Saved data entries
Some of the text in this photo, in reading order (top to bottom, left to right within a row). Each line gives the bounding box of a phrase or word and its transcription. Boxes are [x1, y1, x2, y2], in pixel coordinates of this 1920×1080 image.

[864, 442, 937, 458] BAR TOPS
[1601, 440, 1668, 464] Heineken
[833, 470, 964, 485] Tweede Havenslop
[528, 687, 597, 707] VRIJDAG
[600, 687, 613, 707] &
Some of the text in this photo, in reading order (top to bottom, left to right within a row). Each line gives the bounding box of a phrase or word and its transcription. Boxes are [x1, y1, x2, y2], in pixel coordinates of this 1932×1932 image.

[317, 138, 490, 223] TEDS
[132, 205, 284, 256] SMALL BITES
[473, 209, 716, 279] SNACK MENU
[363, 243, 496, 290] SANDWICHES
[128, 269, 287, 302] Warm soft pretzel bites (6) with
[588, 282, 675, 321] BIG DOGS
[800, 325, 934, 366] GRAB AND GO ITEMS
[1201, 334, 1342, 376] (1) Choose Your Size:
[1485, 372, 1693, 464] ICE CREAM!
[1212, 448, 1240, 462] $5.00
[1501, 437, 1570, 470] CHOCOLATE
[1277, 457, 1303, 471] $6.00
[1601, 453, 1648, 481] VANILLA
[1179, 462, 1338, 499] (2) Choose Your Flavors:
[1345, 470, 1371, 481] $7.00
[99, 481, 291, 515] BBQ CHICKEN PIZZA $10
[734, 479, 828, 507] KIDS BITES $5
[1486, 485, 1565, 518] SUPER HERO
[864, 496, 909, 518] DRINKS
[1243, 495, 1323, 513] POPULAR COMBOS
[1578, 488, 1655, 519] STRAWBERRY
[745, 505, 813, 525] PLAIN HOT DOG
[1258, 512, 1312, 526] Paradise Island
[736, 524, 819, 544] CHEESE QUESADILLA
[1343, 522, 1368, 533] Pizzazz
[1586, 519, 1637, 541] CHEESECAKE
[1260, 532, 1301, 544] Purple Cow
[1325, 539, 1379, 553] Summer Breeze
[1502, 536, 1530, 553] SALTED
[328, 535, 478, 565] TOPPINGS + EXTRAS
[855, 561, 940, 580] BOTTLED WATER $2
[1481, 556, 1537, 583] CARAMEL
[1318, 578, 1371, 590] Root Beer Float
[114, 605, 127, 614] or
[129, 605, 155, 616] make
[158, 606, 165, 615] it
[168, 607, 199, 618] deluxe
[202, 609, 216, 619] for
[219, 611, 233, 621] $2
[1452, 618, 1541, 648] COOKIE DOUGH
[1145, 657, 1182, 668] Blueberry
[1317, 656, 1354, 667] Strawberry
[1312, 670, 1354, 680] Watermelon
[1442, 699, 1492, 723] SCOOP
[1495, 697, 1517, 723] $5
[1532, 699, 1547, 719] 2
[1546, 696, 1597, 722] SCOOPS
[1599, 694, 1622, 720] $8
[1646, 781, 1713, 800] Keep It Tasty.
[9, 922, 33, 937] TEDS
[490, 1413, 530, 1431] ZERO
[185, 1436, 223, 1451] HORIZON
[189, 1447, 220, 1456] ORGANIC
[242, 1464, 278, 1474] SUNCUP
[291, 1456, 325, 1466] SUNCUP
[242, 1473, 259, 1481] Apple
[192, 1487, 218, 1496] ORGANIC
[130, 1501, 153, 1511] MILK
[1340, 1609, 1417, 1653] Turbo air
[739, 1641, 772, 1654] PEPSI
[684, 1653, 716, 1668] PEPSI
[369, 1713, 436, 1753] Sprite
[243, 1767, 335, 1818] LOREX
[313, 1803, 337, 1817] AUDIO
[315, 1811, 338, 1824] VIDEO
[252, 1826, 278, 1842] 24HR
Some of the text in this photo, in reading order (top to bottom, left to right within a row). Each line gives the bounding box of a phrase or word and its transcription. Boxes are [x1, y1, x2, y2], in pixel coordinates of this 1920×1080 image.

TASK DESCRIPTION — Copy the whole of the data above exactly.

ANSWER TO THE EXERCISE —
Some of the text in this photo, in reading order (top to bottom, left to right within a row). Each line gives the bounding box of a phrase or word and its transcription. Boxes are [x1, y1, x2, y2], in pixel coordinates of this 1920×1080 image.

[864, 442, 937, 458] BAR TOPS
[1601, 440, 1668, 464] Heineken
[833, 470, 964, 485] Tweede Havenslop
[528, 687, 597, 707] VRIJDAG
[600, 687, 613, 707] &
Some of the text in this photo, in reading order (top to bottom, left to right within a row). Each line gives the bounding box of a phrase or word and its transcription. Boxes are [x1, y1, x2, y2], in pixel coordinates of this 1932×1932 image.

[317, 138, 490, 223] TEDS
[132, 205, 284, 256] SMALL BITES
[473, 209, 716, 279] SNACK MENU
[363, 243, 496, 290] SANDWICHES
[128, 269, 287, 302] Warm soft pretzel bites (6) with
[588, 282, 675, 321] BIG DOGS
[800, 325, 934, 366] GRAB AND GO ITEMS
[1201, 334, 1342, 376] (1) Choose Your Size:
[1485, 372, 1693, 464] ICE CREAM!
[1212, 448, 1240, 462] $5.00
[1501, 437, 1570, 470] CHOCOLATE
[1277, 457, 1303, 471] $6.00
[1601, 453, 1648, 481] VANILLA
[1179, 462, 1338, 499] (2) Choose Your Flavors:
[1345, 470, 1371, 481] $7.00
[99, 481, 291, 515] BBQ CHICKEN PIZZA $10
[734, 479, 828, 507] KIDS BITES $5
[1486, 485, 1565, 518] SUPER HERO
[864, 496, 909, 518] DRINKS
[1243, 495, 1323, 513] POPULAR COMBOS
[1578, 488, 1655, 519] STRAWBERRY
[745, 505, 813, 525] PLAIN HOT DOG
[1258, 512, 1312, 526] Paradise Island
[736, 524, 819, 544] CHEESE QUESADILLA
[1343, 522, 1368, 533] Pizzazz
[1586, 519, 1637, 541] CHEESECAKE
[1260, 532, 1301, 544] Purple Cow
[1325, 539, 1379, 553] Summer Breeze
[1502, 536, 1530, 553] SALTED
[328, 535, 478, 565] TOPPINGS + EXTRAS
[855, 561, 940, 580] BOTTLED WATER $2
[1481, 556, 1537, 583] CARAMEL
[1318, 578, 1371, 590] Root Beer Float
[114, 605, 127, 614] or
[129, 605, 155, 616] make
[158, 606, 165, 615] it
[168, 607, 199, 618] deluxe
[202, 609, 216, 619] for
[219, 611, 233, 621] $2
[1452, 618, 1541, 648] COOKIE DOUGH
[1145, 657, 1182, 668] Blueberry
[1317, 656, 1354, 667] Strawberry
[1312, 670, 1354, 680] Watermelon
[1442, 699, 1492, 723] SCOOP
[1495, 697, 1517, 723] $5
[1532, 699, 1547, 719] 2
[1546, 696, 1597, 722] SCOOPS
[1599, 694, 1622, 720] $8
[1646, 781, 1713, 800] Keep It Tasty.
[9, 922, 33, 937] TEDS
[490, 1413, 530, 1431] ZERO
[185, 1436, 223, 1451] HORIZON
[189, 1447, 220, 1456] ORGANIC
[242, 1464, 278, 1474] SUNCUP
[291, 1456, 325, 1466] SUNCUP
[242, 1473, 259, 1481] Apple
[192, 1487, 218, 1496] ORGANIC
[130, 1501, 153, 1511] MILK
[1340, 1609, 1417, 1653] Turbo air
[739, 1641, 772, 1654] PEPSI
[684, 1653, 716, 1668] PEPSI
[369, 1713, 436, 1753] Sprite
[243, 1767, 335, 1818] LOREX
[313, 1803, 337, 1817] AUDIO
[315, 1811, 338, 1824] VIDEO
[252, 1826, 278, 1842] 24HR
Some of the text in this photo, in reading order (top to bottom, left to right within a row). Each line gives the bounding box of a phrase or word and its transcription. Boxes are [x1, y1, x2, y2], in pixel coordinates of this 1920×1080 image.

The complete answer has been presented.